Voy andando por una transitada avenida peatonal y, a lo lejos, entre la riada incolora de personas, diviso a una chica muy blanca, de pelo corto y rojo, andrógina, que se ha detenido y me mira fijamente, con un gesto de absoluta serenidad y decisión. Contrasta con su pálido resplandor, un gran lunar negro en uno de sus pómulos. Está justo en mi camino; nos une una línea recta que es imposible esquivar. Si ladeo unos grados mi rumbo, ella corrige la desviación, sin moverse aparentemente. Cuando estamos más cerca, comienza a andar suave y pausadamente, mirándome a los ojos, con sus pupilas negras y brillantes.

Me ha cogido de los antebrazos para amortiguar el choque y, sin dejar de mirarme, como si estuviera viviendo en una realidad paralela a todos los demás transeúntes borrosos, ha empezado a abrazarme como nunca antes lo habían hecho, con sus brazos y sus labios. Así estamos eternamente, en medio de ninguna parte, con un remolino de seres difuminados a nuestro alrededor, indiferentes y ajenos a nuestro misterioso encuentro. Es un abrazo que abre de par en par los escondrijos más recónditos, que excita regiones cerebrales inexploradas, que apretuja las oquedades y recovecos para conformar un cuerpo sin fisuras, sin resquicios ni cavidades. Tengo la sensación de entrar en ella, o ella en mí, en una fusión en donde no hubiera sabido decir con certeza quién de los dos era yo. Desgastados los labios y succionado todo el aliento, cada uno sigue su camino, sin despedidas, sin palabras. Cuando me alejo, he girado en redondo para verla por última vez: me veo a mí mismo alejarme a lo lejos, y caigo en la cuenta, no sin cierto embeleso, que me he convertido en ella, con sus manos blancas y finas, sus pechos pequeños pero turgentes, y su cara nívea de niña con lunar negro. Nos hemos transferido hasta el más vergonzoso secreto, en código labial y táctil, y sobraba el limitado y restrictivo lenguaje. No importaba quiénes fuéramos.

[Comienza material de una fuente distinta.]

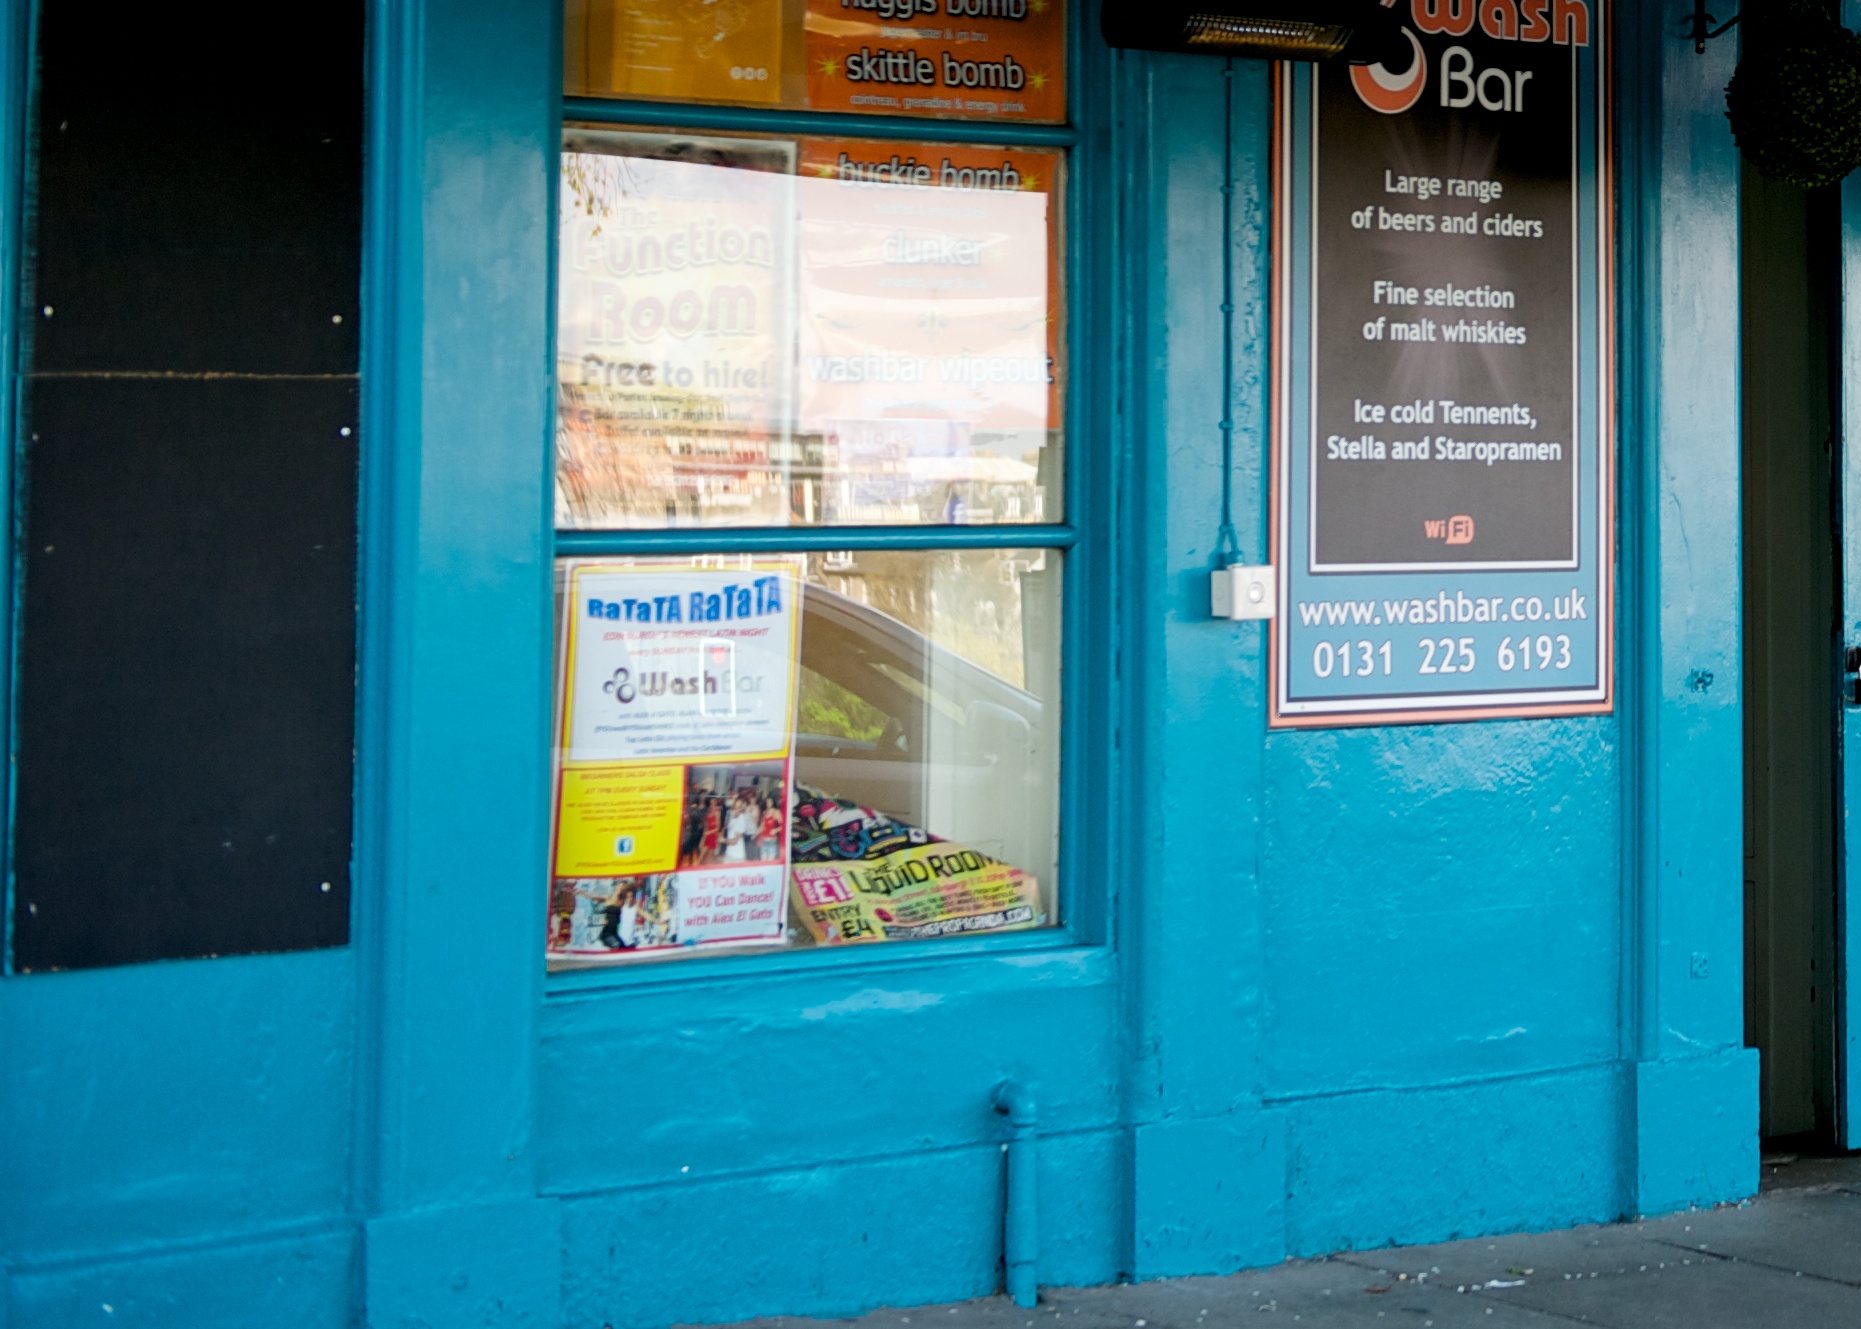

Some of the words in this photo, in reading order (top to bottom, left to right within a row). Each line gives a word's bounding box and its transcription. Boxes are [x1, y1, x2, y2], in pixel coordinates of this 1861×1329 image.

El fragmento, microrrelato, escena suelta (o como queráis llamarlo) anterior lo escribí hace un tiempo. Ni entonces ni después supe quiénes eran esas dos personas, por qué les sucedía eso, cuál era la causa de ese misterioso encuentro, dónde se encontraban, en qué época estaban viviendo. Ni tampoco sabía a ciencia cierta por qué escribí ese texto de un tirón y con la determinación y clarividencia de quien lo tiene tatuado en la cabeza y solo tiene que escupirlo. Todas mis novelas, publicadas e inéditas, tratan sobre el aislamiento y surgen del aislamiento. Pero gracias a la pandemia mundial (no al confinamiento, pues yo ya vivo en cuarentena desde hace un par de décadas) ahora por fin tengo las respuestas a todas esas preguntas. Sé perfectamente quiénes son, qué les pasa y dónde están, en qué momento histórico están viviendo, cuál es el título de la historia y el corazón que mueve toda la novela: Interdream. La trama no tiene una relación directa con la situación presente, aunque no se me habría ocurrido de no haber surgido este episodio piloto del apocalipsis que nos espera a la humanidad en unos pocas décadas. Llevo ya 100 páginas en dos semanas y este proyecto ya no tiene freno. Nunca había escrito tanto en tan poco tiempo. “No hay mal que por bien no venga”, “hay que sacarle el lado positivo a las cosas”, o si lo preferís: “todo escritor lleva un buitre dentro ansioso de carroña para inspirarse”.